Security in the times of big data and analytics

by May 5, 2016 0 comments

We are living in the data age which churns out multiple terabytes of data every day, and it is growing exponentially with each passing second. Government agencies, financial and healthcare organizations invest heavily in collection, processing and use of data in their respective fields. The data significantly helps in gaining actionable insights and chart out effective strategies.

With data being amassed at a rapid rate, there is a growing concern among organizations around the legal and ethical side of the usage. According to Gartner, the global spending on IT security is expected to be around US$101bn by 2018. Today, big data is scattered across different platforms including web, mobile and cloud-based applications. These sources are hacker-friendly and may lead to the loss of proprietary information and regulatory involvement.

The spurt in big data poses a substantial risk to companies for data breach and could considerably mar their reputation in the competitive marketplace. The recent ‘Panama Papers’ leak which exposed sensitive documents has not only sabotaged the reputations of many prominent figures but also put a big question mark on Mossack Fonseca’s internal security policy.

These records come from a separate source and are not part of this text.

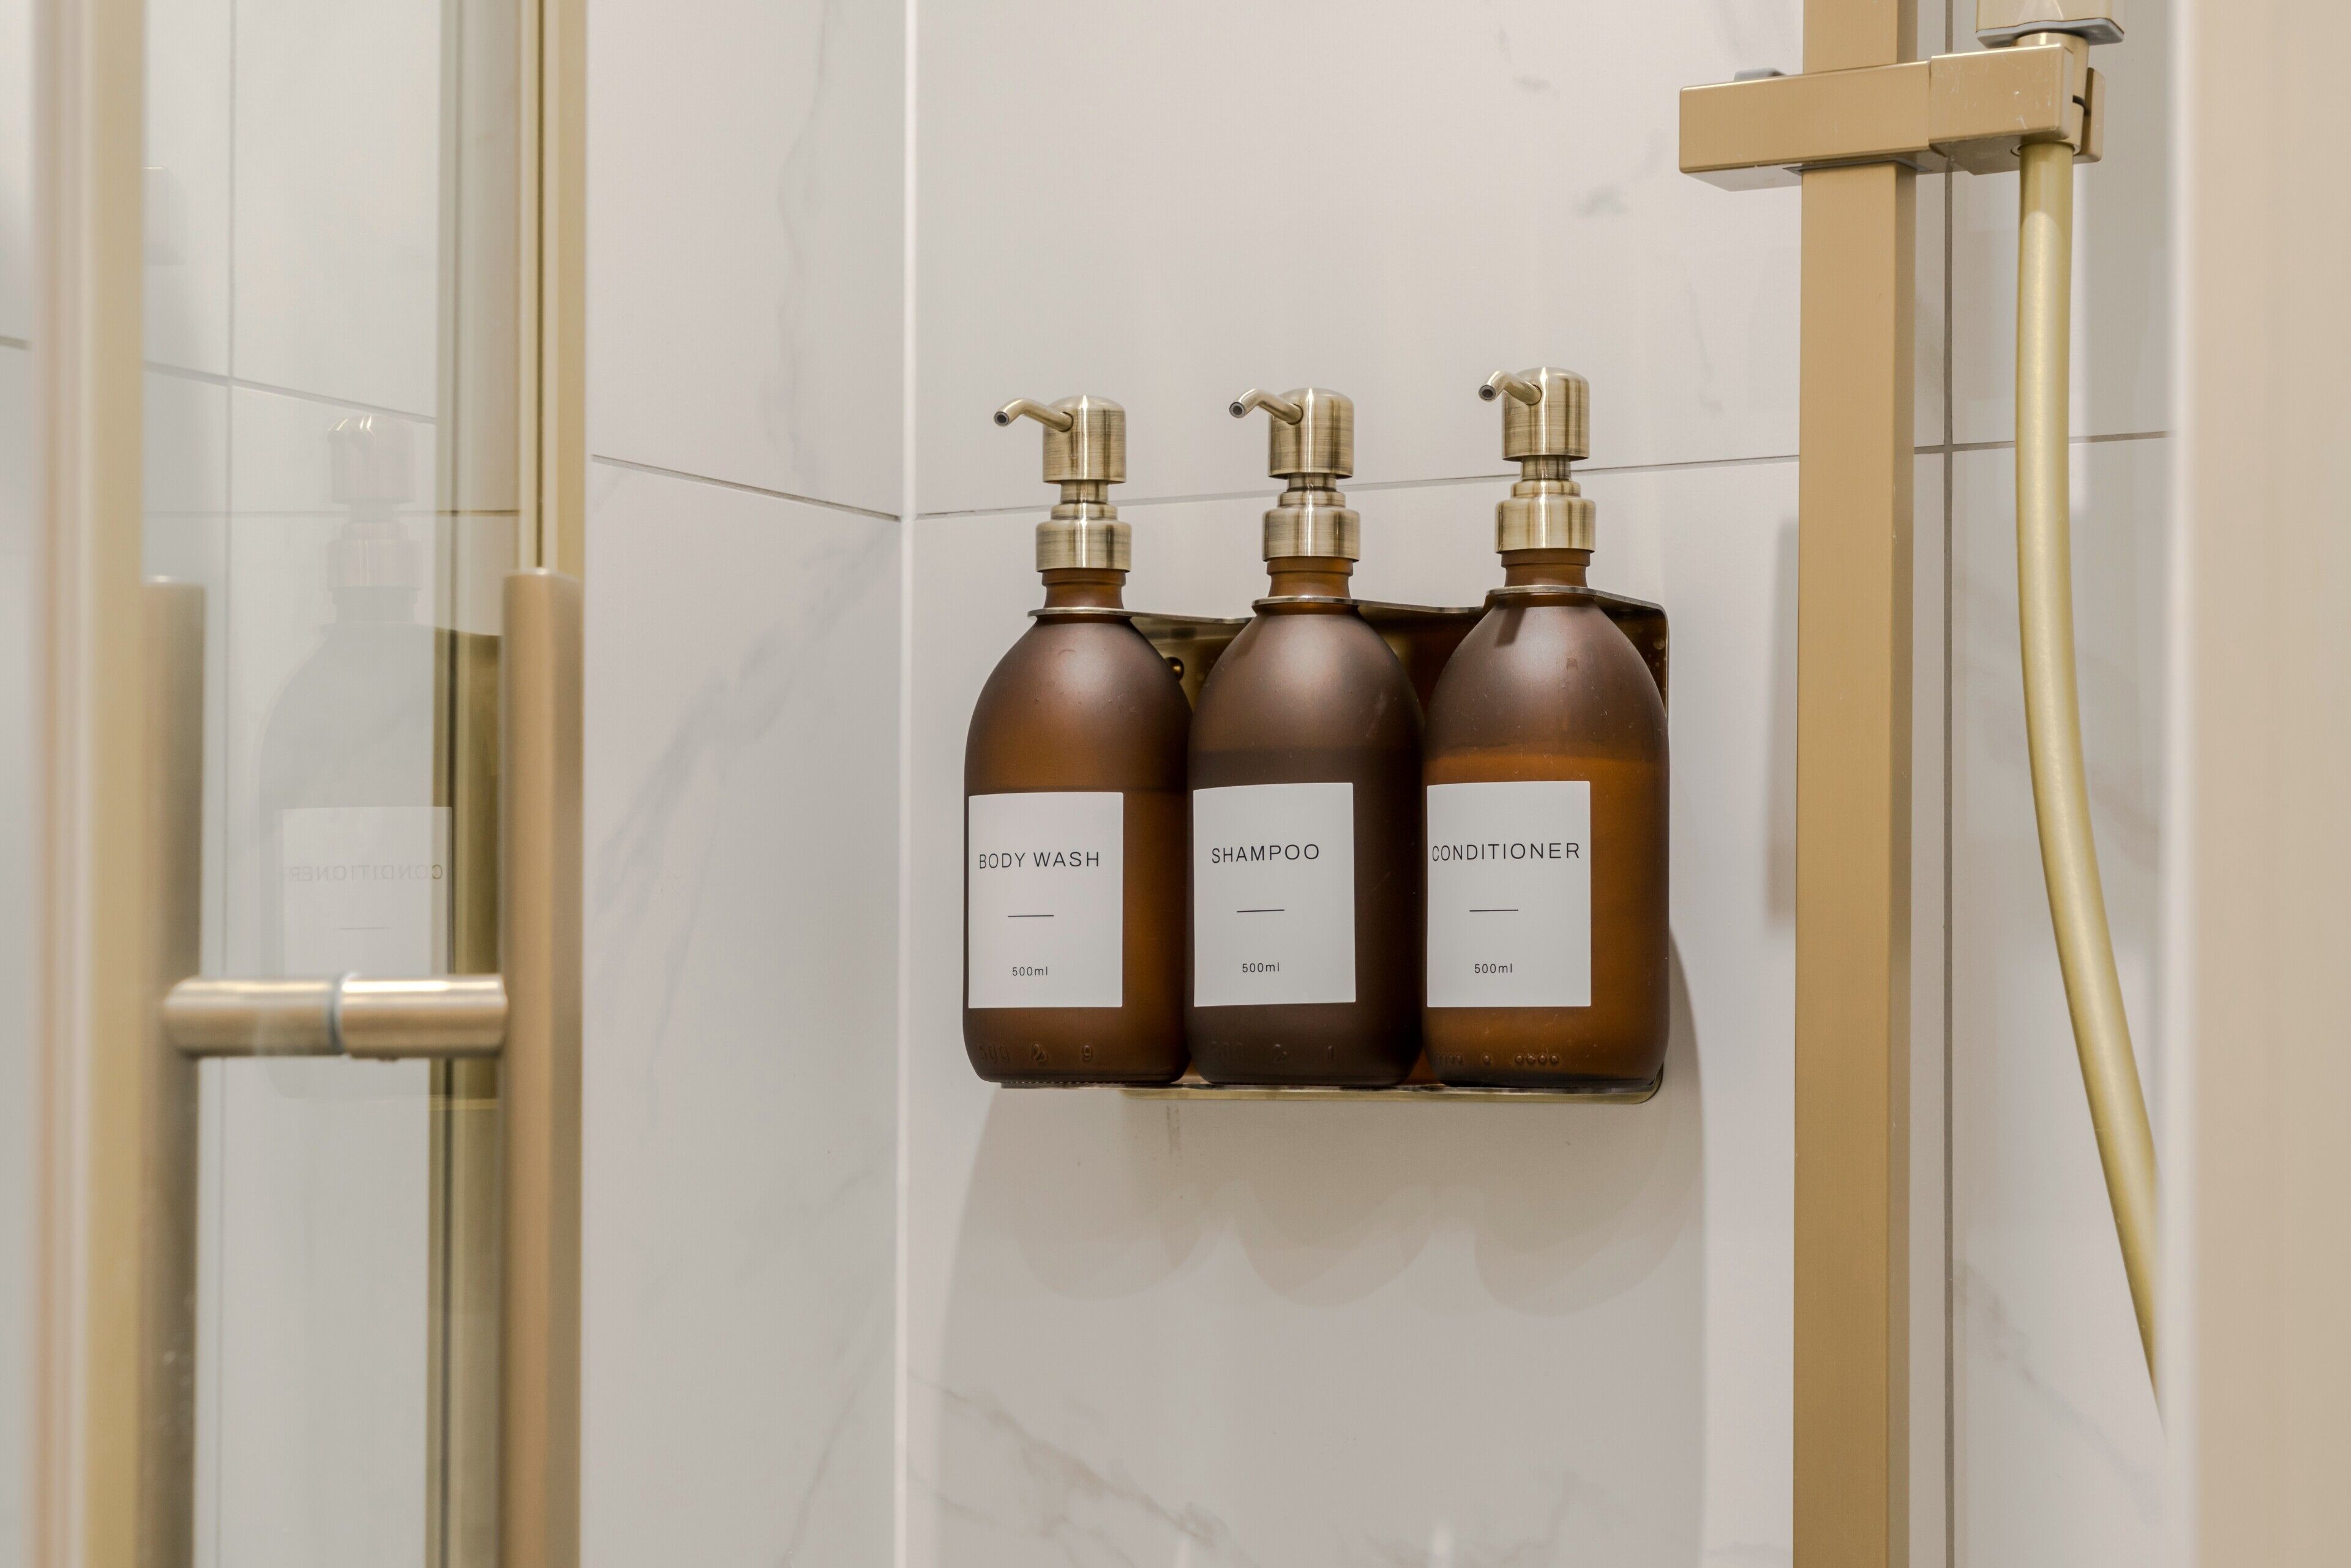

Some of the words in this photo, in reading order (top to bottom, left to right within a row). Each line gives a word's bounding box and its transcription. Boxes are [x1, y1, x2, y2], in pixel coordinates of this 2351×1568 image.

[1212, 844, 1320, 864] SHAMPOO
[1432, 842, 1580, 862] CONDITIONER
[979, 852, 1026, 869] BODY
[1032, 851, 1100, 868] WASH
[1012, 966, 1049, 977] 500ml
[1242, 961, 1280, 973] 500ml
[1474, 962, 1513, 974] 500ml

It is a high alert which necessitates the importance of a strong security infrastructure and vigilance. A growing number of companies have already implemented security tools to analyze the data flow. However, most organizations still grapple with these concepts and fail to secure their data.

Data security a high priority
Companies need to place high priority on data security when the data carries critical business and consumer information. About 51 percent of decision-makers have evinced security as a challenge for adopting digital technologies. Sectors such as banking and financial services, healthcare are highly vulnerable to fraud and intellectual property threats. The data thieves can surpass the conventional barriers such as firewalls, virtual private networks (VPNs), intrusion detection system (IDS) and Data loss prevention (DLP) systems. Smart cybercriminals can adroitly eclipse these defenses mechanism and steal sensitive information.

In order to outsmart them, organizations must use advanced security systems and techniques such as:

Integrating open-source software with security tools: Open-source technologies such as Hadoop and NoSQL have security flaws and were not created keeping data theft in mind. By using Zettaset Orchestrator, a distribution-agnostic cluster management platform, one can close the security gap.

Monitor and Control: It is not always the external enemies that pose risk to the organization. Cybercriminals do not have a religion. It is better to monitor multiple failed log-ins and doubtful activities in high-value systems and applications within the organization in order to mitigate the risk of frauds.

Dealing with Multiple storage spaces: With multiple storage points it becomes arduous to keep a track on all the activities, given the volume of data generated every day. Companies having multiple locations should have standardized security controls. Data sharing protections including encryptions and access-control techniques should be standardized across the organization to keep the data secure in the deep web.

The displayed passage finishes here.